When minority computer scientists--or computer scientists who are women, for that matter--look around a computer room, meeting, or classroom, they rarely see other women or people of color. Patricia J. Teller, Ph.D., associate professor in the Department of Computer Science at the University of Texas at El Paso, and Valerie Taylor, Ph.D., head of the Department of Computer Science at Texas A&M University in College Station, are working to change that.
Teller is chair and Taylor is chair-elect of the Coalition to Diversify Computing (CDC), an organization that combines the resources of the Association for Computing Machinery (ACM), the Computing Research Association (CRA), and the Institute of Electrical and Electronics Engineers (IEEE-CS). The CDC seeks to increase minority participation in computer science by helping students and faculty successfully manage the transition to computing-based careers in academia, federal labs, and industry.
It also intends to increase the available pool of minority and female faculty members through partnerships and mentoring. Current emphasis is placed on: (1) recruitment of minority undergraduates into MS/Ph.D. programs, (2) retention of minority graduate students enrolled in MS/Ph.D. programs, and (3) transition of minority MS/Ph.D. graduates into academia and industry.

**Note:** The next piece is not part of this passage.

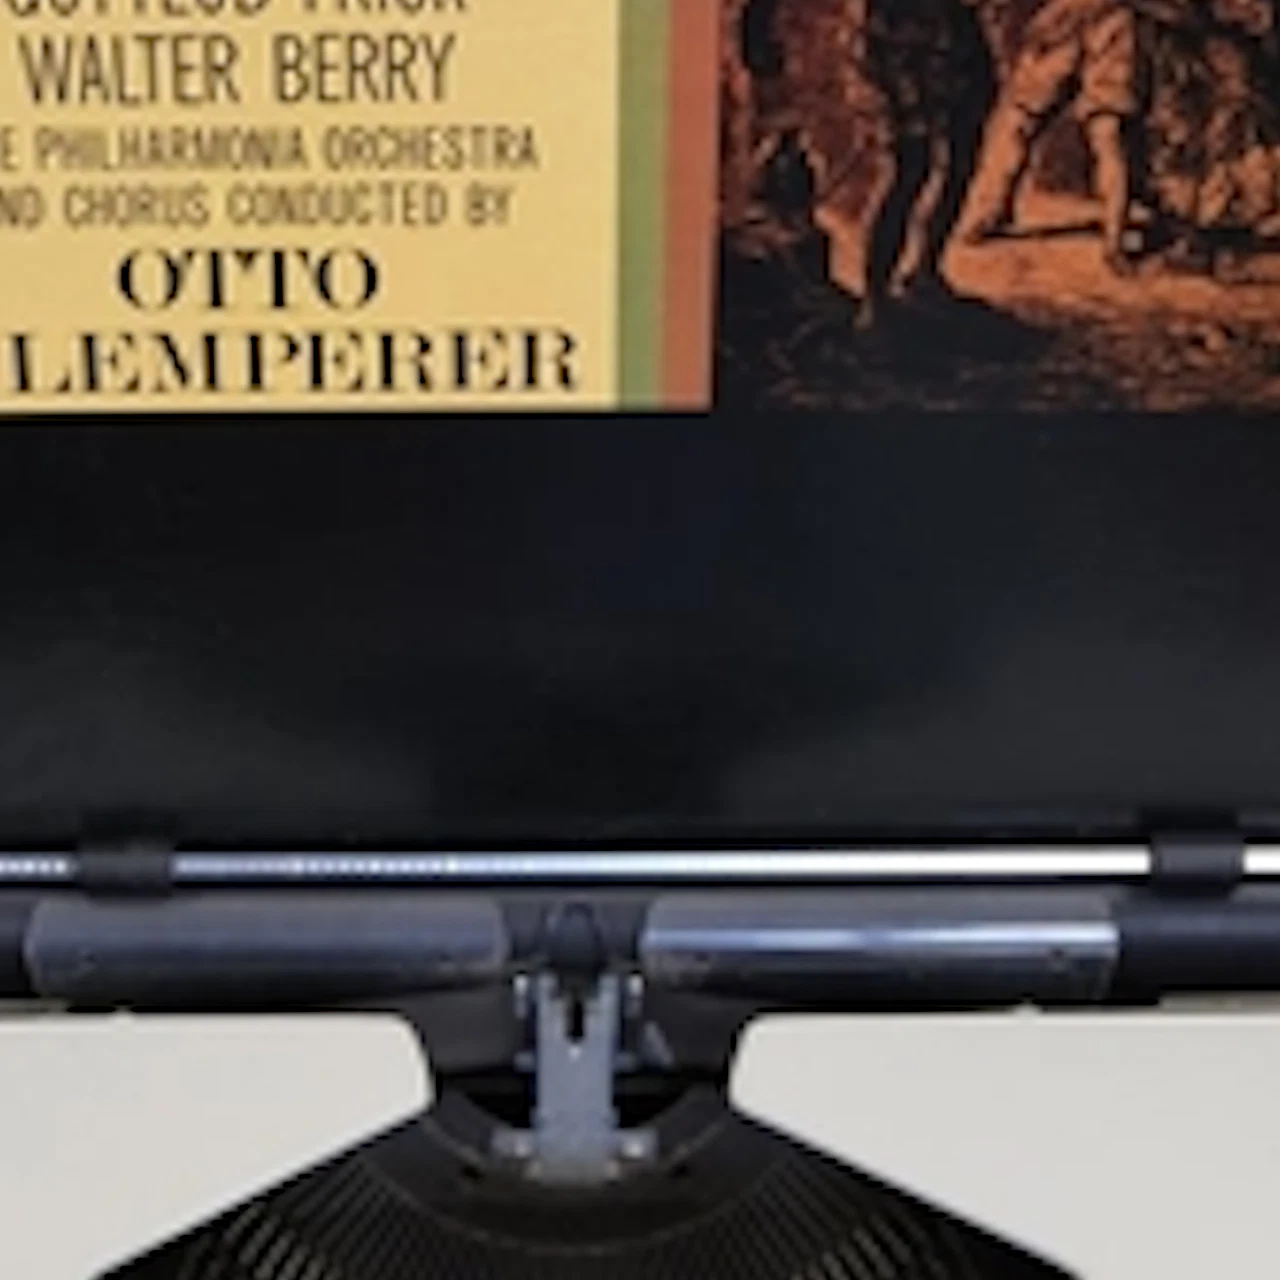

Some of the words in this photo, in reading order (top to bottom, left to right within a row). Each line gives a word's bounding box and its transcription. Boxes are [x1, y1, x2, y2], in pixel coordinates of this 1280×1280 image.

The CDC has its work cut out for it. According to the 2003-2004 Taulbee Survey, in 2004 only 1.1% of the doctorates in computer engineering and computer science went to Hispanics, 1.5% to African-Americans, and none to Native Americans or Alaskan Natives. Females were also sparsely represented. Moreover, current student numbers in the pipeline are just as dismal. In 2004, 1.3% of enrolled Ph.D. students were Hispanic, 1.8% were African-American, and only 0.2% were Native American.

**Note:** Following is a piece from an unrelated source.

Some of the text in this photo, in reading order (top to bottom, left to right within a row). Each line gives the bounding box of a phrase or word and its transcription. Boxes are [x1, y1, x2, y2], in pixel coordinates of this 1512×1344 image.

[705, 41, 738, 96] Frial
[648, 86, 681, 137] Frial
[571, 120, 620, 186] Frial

Teller works at a Hispanic-serving institution and understands the need to change things now. "The population of the U.S. is changing," she says. "Not long in the future, Hispanics will make up a large part of the population of California, Texas, Arizona, and other states. If the United States wants to remain a world force in computing, more people from underrepresented groups must major in computer science in college and go on to graduate school."

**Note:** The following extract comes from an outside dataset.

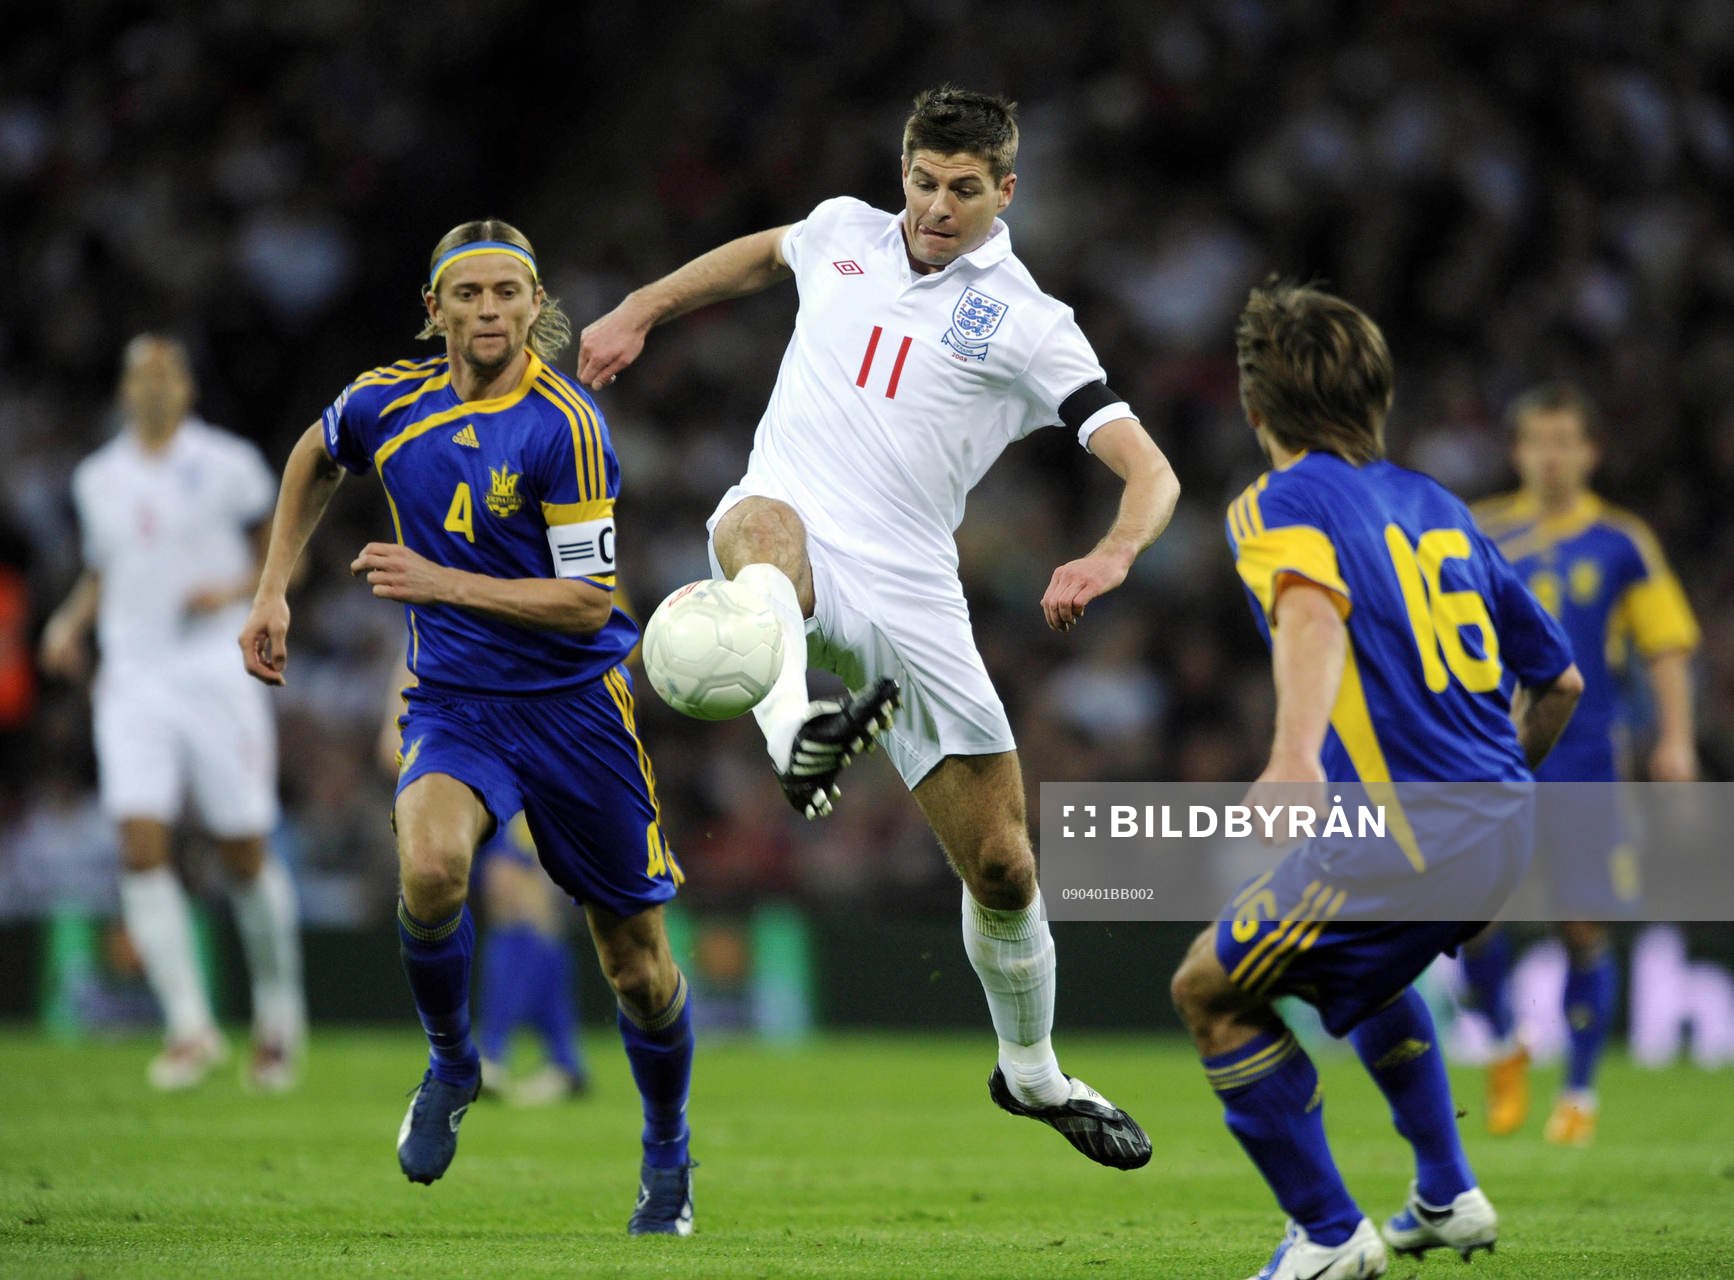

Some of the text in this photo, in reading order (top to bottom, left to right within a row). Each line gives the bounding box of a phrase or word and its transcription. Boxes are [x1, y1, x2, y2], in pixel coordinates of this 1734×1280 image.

[855, 325, 913, 400] 11
[443, 481, 475, 543] 4
[1384, 523, 1503, 694] 16
[1232, 869, 1277, 943] 16

CDC membership consists of 20 companies, universities, and federal labs and crosses a range of computer-related disciplines. The roll includes heavy hitters such as Boeing and Sandia Labs. These industrial partnerships are important because once women and minorities reach industry, if that is their goal, they must also fit in.
The key to this, according to CDC leaders, is helping them find role models, providing funding to attend conferences, increasing their confidence, and generally making them aware of the opportunities that exist.
To this end, the CDC has created virtual networking communities and even some remote research opportunities, where students can collaborate on projects distant from their own institutions.
Heather Wake with Field Programmable Custom Computing Machines (FCCM) Conference organizers, Ken Pocek (left) and Jeff Arnold (right).
In October of this year, 250 students, faculty, and CDC members will gather in Albuquerque to attend the Richard Tapia Celebration of Diversity in Computing Conference in Albuquerque. [Richard A. Tapia is a mathematician and professor in the Department of Computation and Applied Mathematics at Rice University in Houston.] Headed by Pamela J. Williams, Ph.D., a senior member of the technical staff at Sandia Labs, the two-and-a-half day event, dubbed "Diversity of Scholars--A Tapestry of Discovery," will provide many networking opportunities. Participants will also attend technical presentations in computer science and hear talks by Mark Dean, IBM Fellow and vice president of systems at IBM Research, and Sandra Begay-Campbell, former executive director of the American Indian Science and Engineering Society (AISES) and a member of the technical staff at Sandia Labs.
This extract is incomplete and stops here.